II. UNE LUTTE COMPLEXE ET ENTRAVÉE CONTRE LES USAGES DÉTOURNÉS
A. UN PRODUIT DE CONSOMMATION COURANTE AISÉMENT ACCESSIBLE
1. Une diversification de l'offre hors des circuits traditionnels difficile à contrôler
Le protoxyde d'azote est un produit aisément accessible, tant en raison de la diversité de ses circuits de distribution que de son prix modéré. La grande majorité des ventes se réaliserait par internet et via les réseaux sociaux, qui contribuent à la promotion du produit. Des sites spécialisés dans la vente de protoxyde d'azote sont identifiés dès 2019.
Outre la multiplicité des points de vente, une évolution notable du marché tient à l'apparition de conditionnements de grand format, non réglementaires, qui constituent désormais la grande majorité des produits d'approvisionnement à visée récréative. Des bonbonnes permettant de confectionner jusqu'à 80 ballons sont vendues 30 euros en moyenne, tandis que le prix des bouteilles contenant l'équivalent de 1 000 à 2 000 ballons dépasse 200 euros9(*).
L'OFDT décrit également le développement de produits dérivés, notamment « des « petites billes » s'insérant sur la partie supérieure des bonbonnes [...] afin de donner un goût fruité au gaz inhalé »10(*).
2. L'apparition de réseaux illicites structurés
La direction nationale de la police judiciaire (DNPJ) confirme la vente de protoxyde d'azote sur les points de deal de produits stupéfiants et les applications telles que Snapchat. Des collectivités alertent sur les ventes à la sauvette alimentées par l'importation massive de contenants non réglementaires depuis les Pays-Bas, la Belgique ou la Pologne, révélatrice de trafics émergents.

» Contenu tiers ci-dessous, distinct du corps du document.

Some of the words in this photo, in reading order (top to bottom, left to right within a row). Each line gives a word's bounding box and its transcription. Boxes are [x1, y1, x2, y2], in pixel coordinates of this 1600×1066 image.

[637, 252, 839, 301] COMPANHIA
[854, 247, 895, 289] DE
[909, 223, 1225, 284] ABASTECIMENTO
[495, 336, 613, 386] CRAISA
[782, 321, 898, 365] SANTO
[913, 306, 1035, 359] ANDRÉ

La multiplication d'importantes saisies par les services de police ces dernières années a rendu ces réseaux visibles : 14 tonnes saisies en Seine-et-Marne en 2022, 21 tonnes à Vénissieux en 2023, 30 tonnes en Île--de-France en 2024.

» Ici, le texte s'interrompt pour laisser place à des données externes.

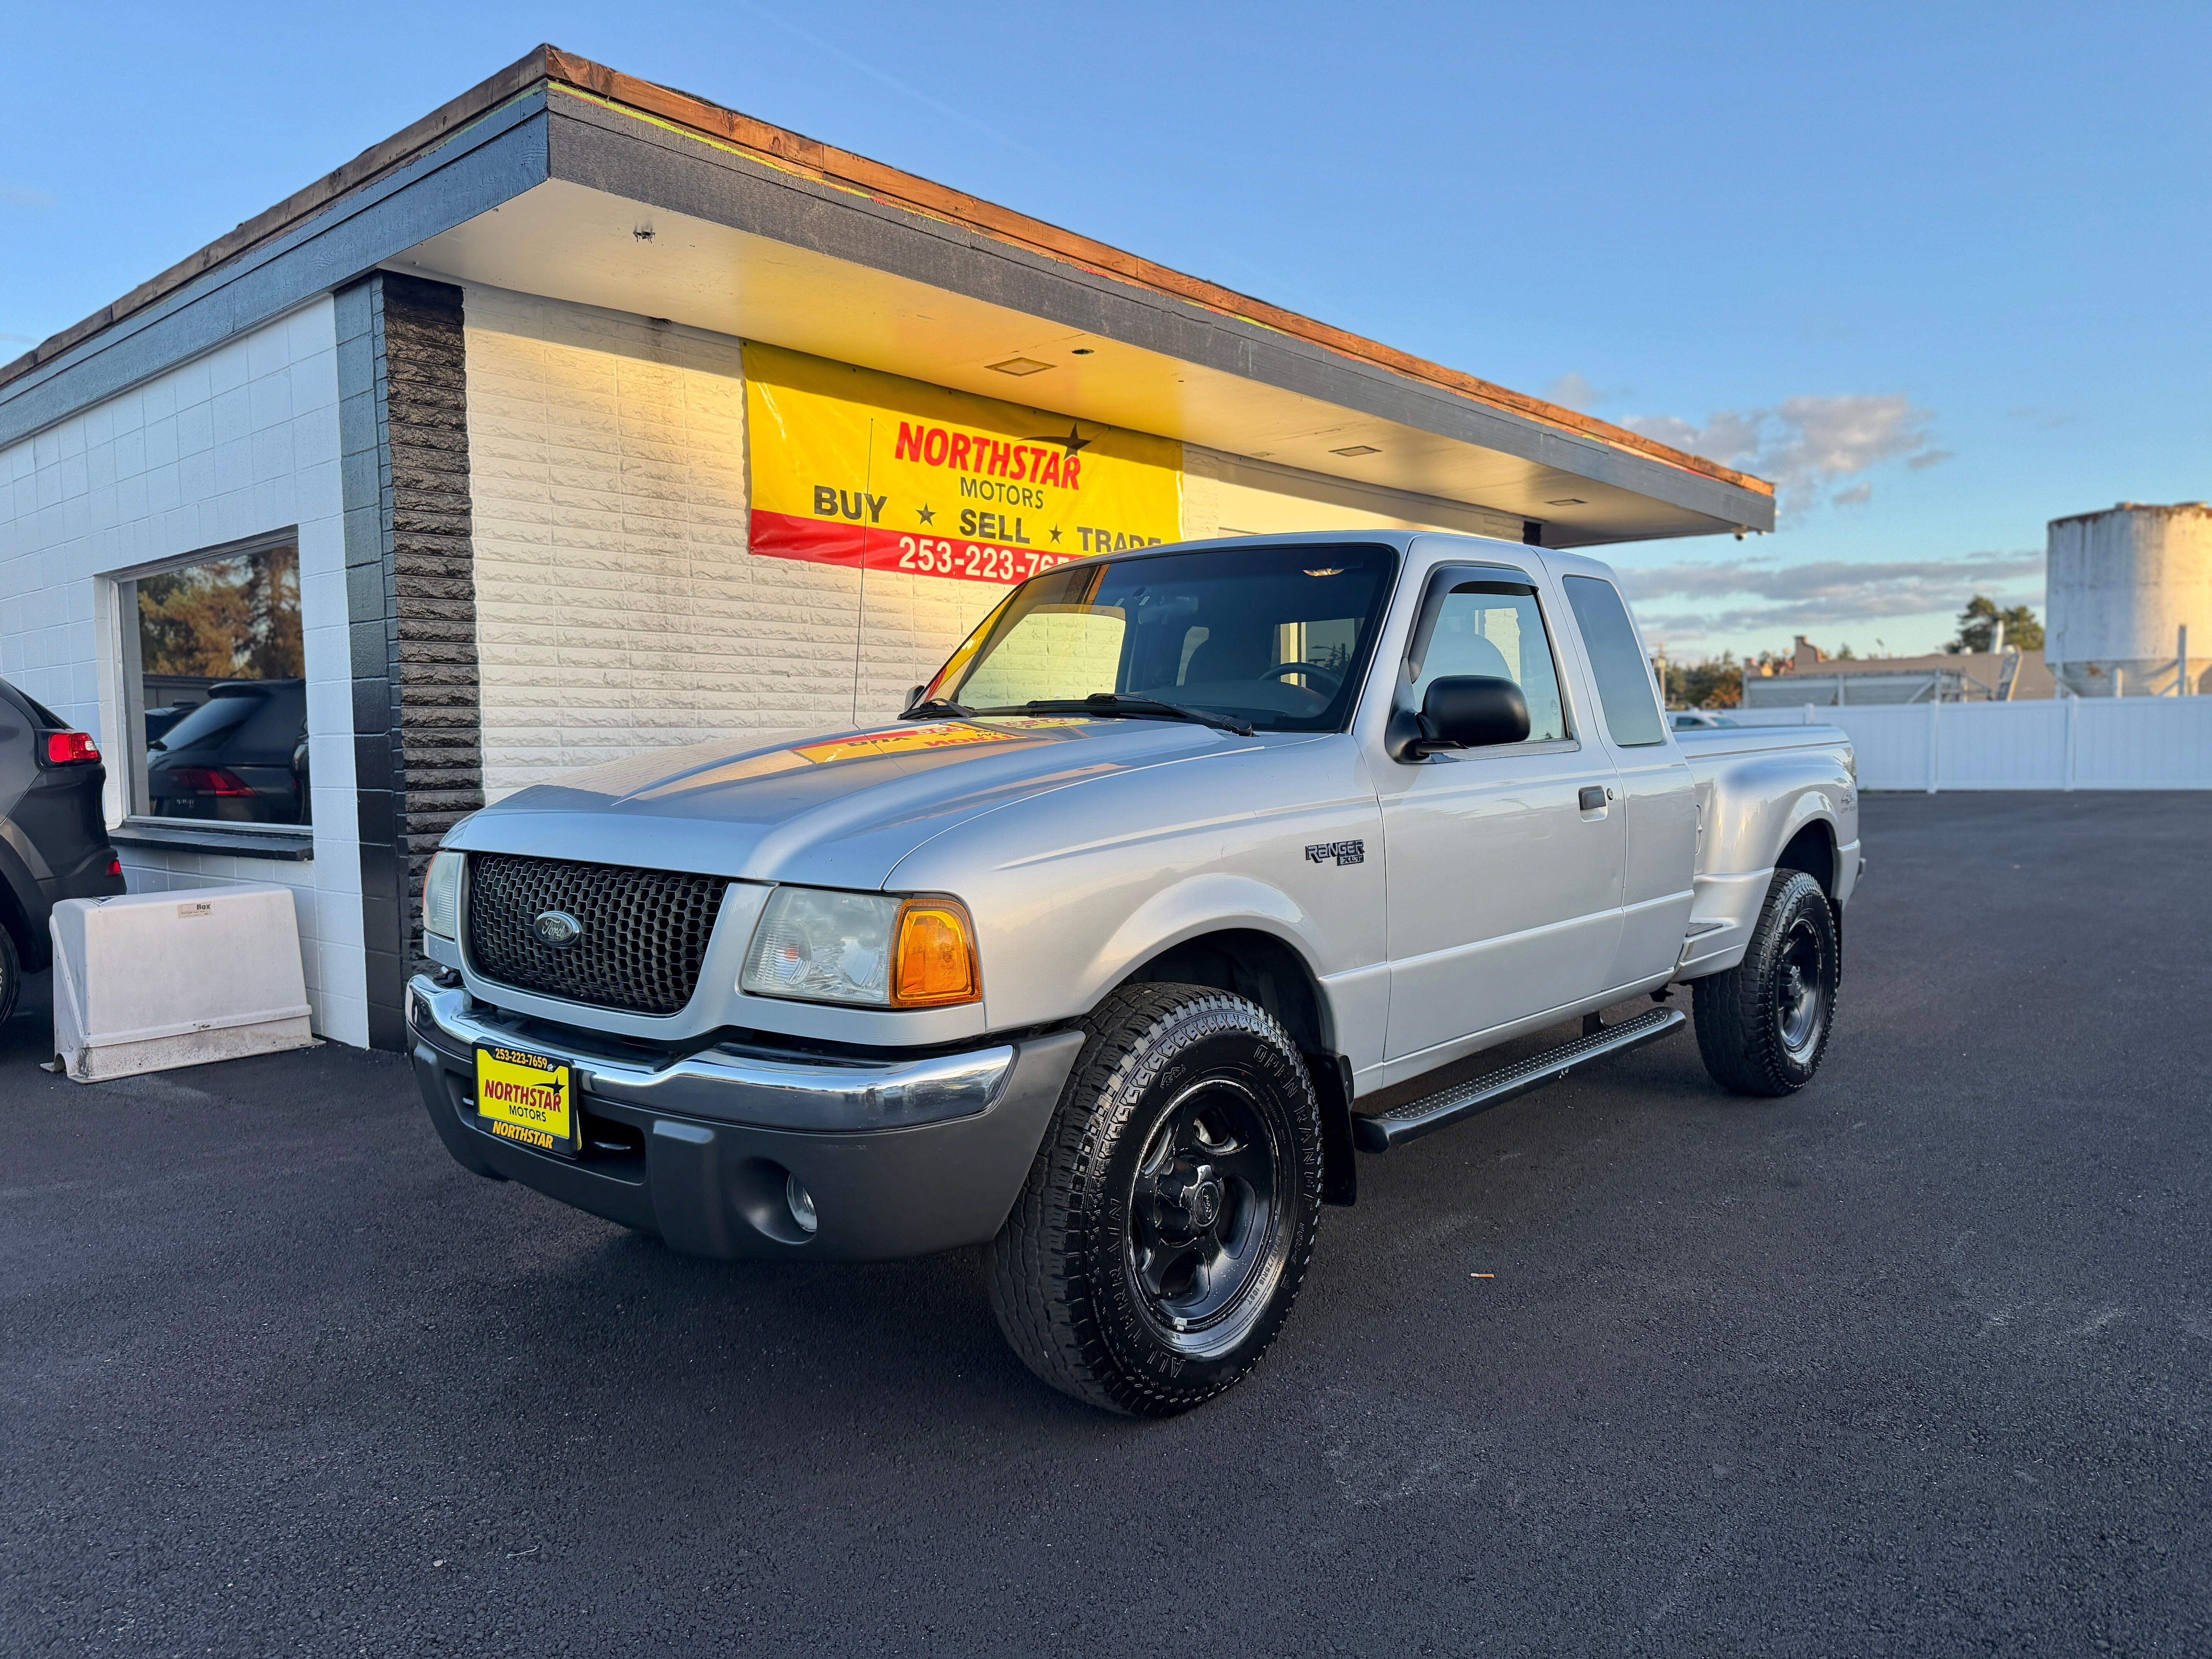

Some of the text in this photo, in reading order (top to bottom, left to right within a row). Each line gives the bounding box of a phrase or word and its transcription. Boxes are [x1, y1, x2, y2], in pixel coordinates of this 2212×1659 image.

[895, 421, 1081, 490] NORTHSTAR
[960, 477, 1044, 509] MOTORS
[814, 485, 888, 523] BUY
[959, 508, 1030, 544] SELL
[899, 536, 1069, 580] 253-223-76
[542, 918, 565, 937] Ford
[495, 1048, 548, 1069] 253-223-7659
[484, 1079, 562, 1113] NORTHSTAR
[509, 1104, 546, 1122] MOTORS
[492, 1120, 554, 1149] NORTHSTAR

B. UN PREMIER BILAN EN DEMI-TEINTE DE LA LOI DU 1ER JUIN 2021
1. Un faible recul sur sa mise en oeuvre
La loi du 1er juin 2021 est d'application récente, ce qui ne permet pas de mesurer avec suffisamment de recul les conditions de sa mise en oeuvre. Deux textes réglementaires publiés en 2023 ne sont par ailleurs entrés en vigueur qu'en 2024 : l'arrêté du 19 juillet 2023 fixant la quantité maximale autorisée pour la vente aux particuliers de produits contenant du protoxyde d'azote, et le décret n° 2023-1224 du 20 décembre 2023 relatif à l'apposition d'une mention sur chaque unité de conditionnement des produits contenant uniquement du protoxyde d'azote11(*).

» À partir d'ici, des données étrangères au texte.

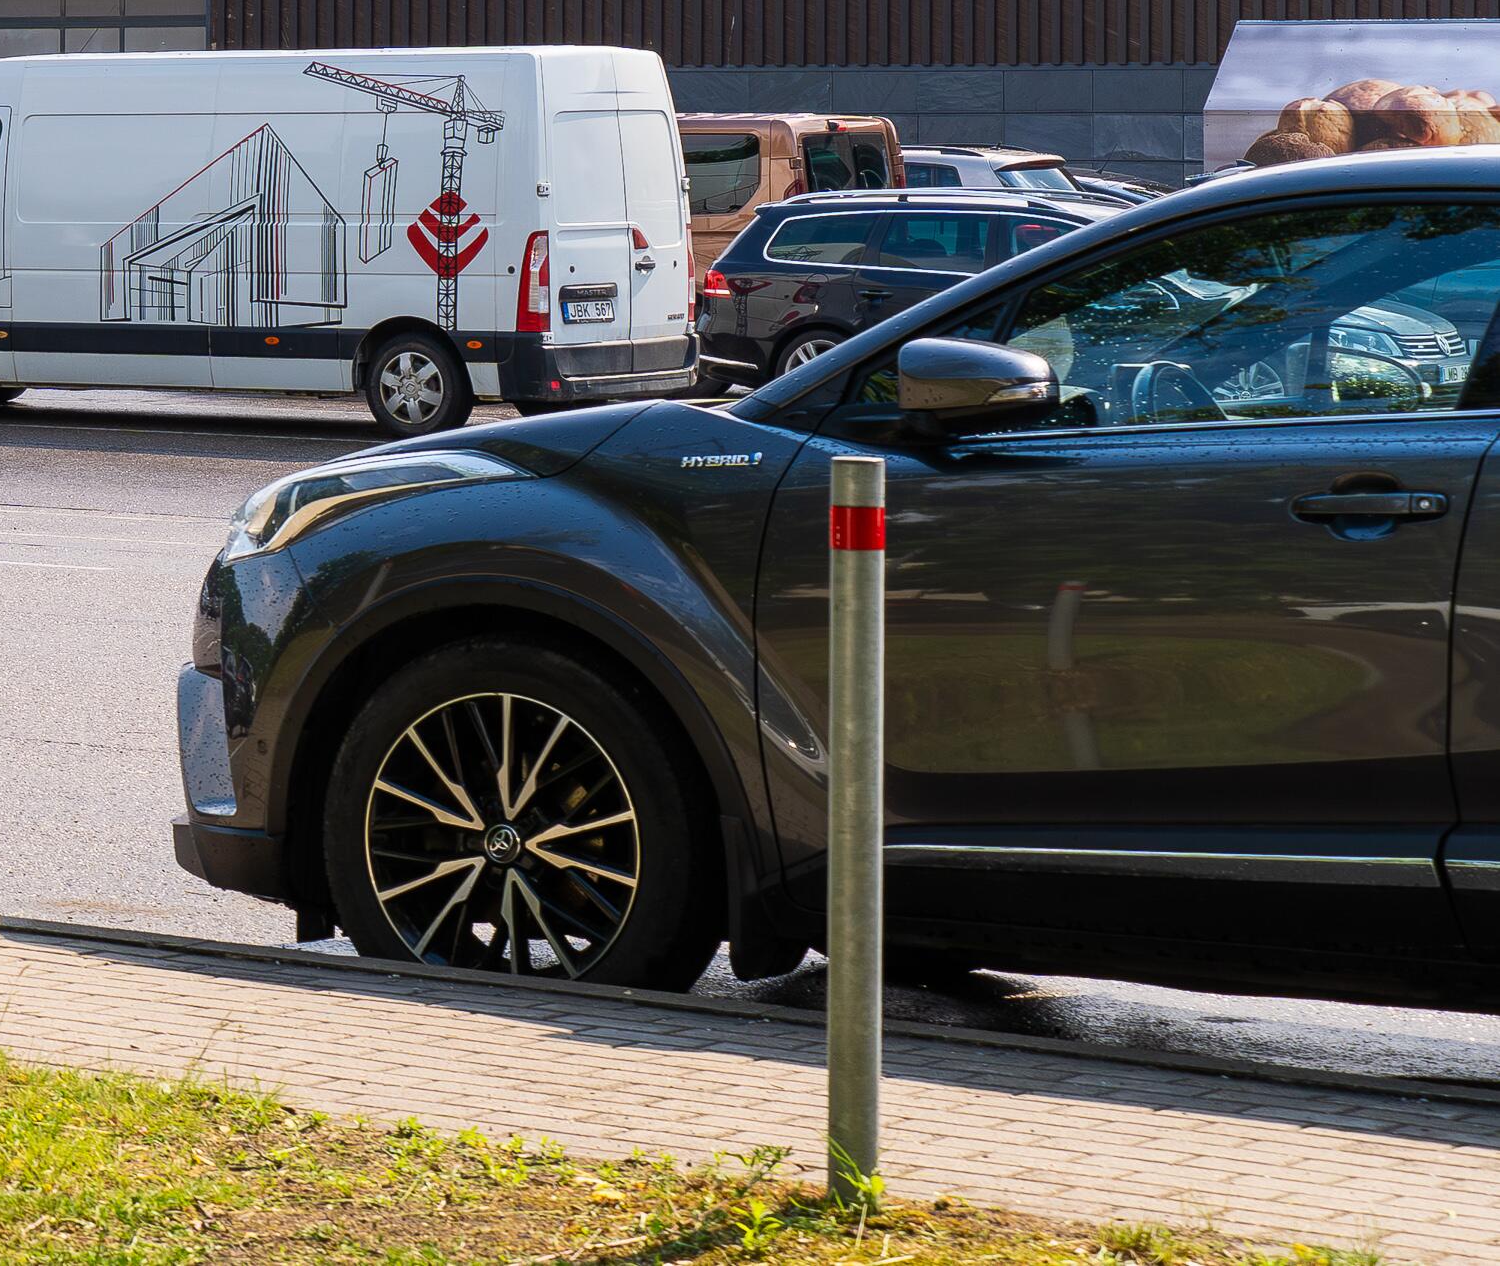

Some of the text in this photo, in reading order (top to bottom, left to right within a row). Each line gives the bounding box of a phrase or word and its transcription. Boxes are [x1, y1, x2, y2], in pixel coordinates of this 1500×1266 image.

[570, 302, 611, 318] JBK 567
[680, 454, 750, 468] HYBRID

En outre, la DNPJ admet qu'en raison de leur caractère récent, les infractions spécifiques au protoxyde d'azote ne sont pas bien connues des officiers de police judiciaire.
2. Des carences juridiques qui ne facilitent pas l'action des services de police et de justice
Depuis l'entrée en vigueur de la loi du 1er juin 2021, 156 personnes ont été interpellées pour une infraction liée au protoxyde d'azote, dont 74 en 2023, 65 en 2022 et 17 en 2021. Environ 80 % des affaires orientées ont fait l'objet d'une réponse pénale en 2023.
Toutefois, certaines infractions apparaissent complexes à démontrer, comme l'incitation à l'usage détourné de protoxyde d'azote par un mineur. Les autorités de police et les collectivités relatent une relative difficulté à matérialiser les infractions prévues par la loi, qui exigent des constatations en flagrant délit. Les municipalités et les préfectures tentent de suppléer ces difficultés en usant de leurs pouvoirs de police par arrêté.
Par ailleurs, certaines infractions ne sont toujours sanctionnées d'aucune peine12(*).
Source : Mission interministérielle de lutte contre les drogues et les conduites addictives
* 9 OFDT, Les usages psychoactifs du protoxyde d'azote, Tendances n° 151, août 2022.
* 10 Ibid.
* 11 Ces textes sont entrés en application respectivement le 1er janvier 2024 et le 21 juillet 2024.
* 12 Aucune peine n'est prévue en cas d'infraction aux dispositions prises en application de l'article L. 3621-1 du code de la santé publique, relatif aux quantités maximales de vente aux particuliers.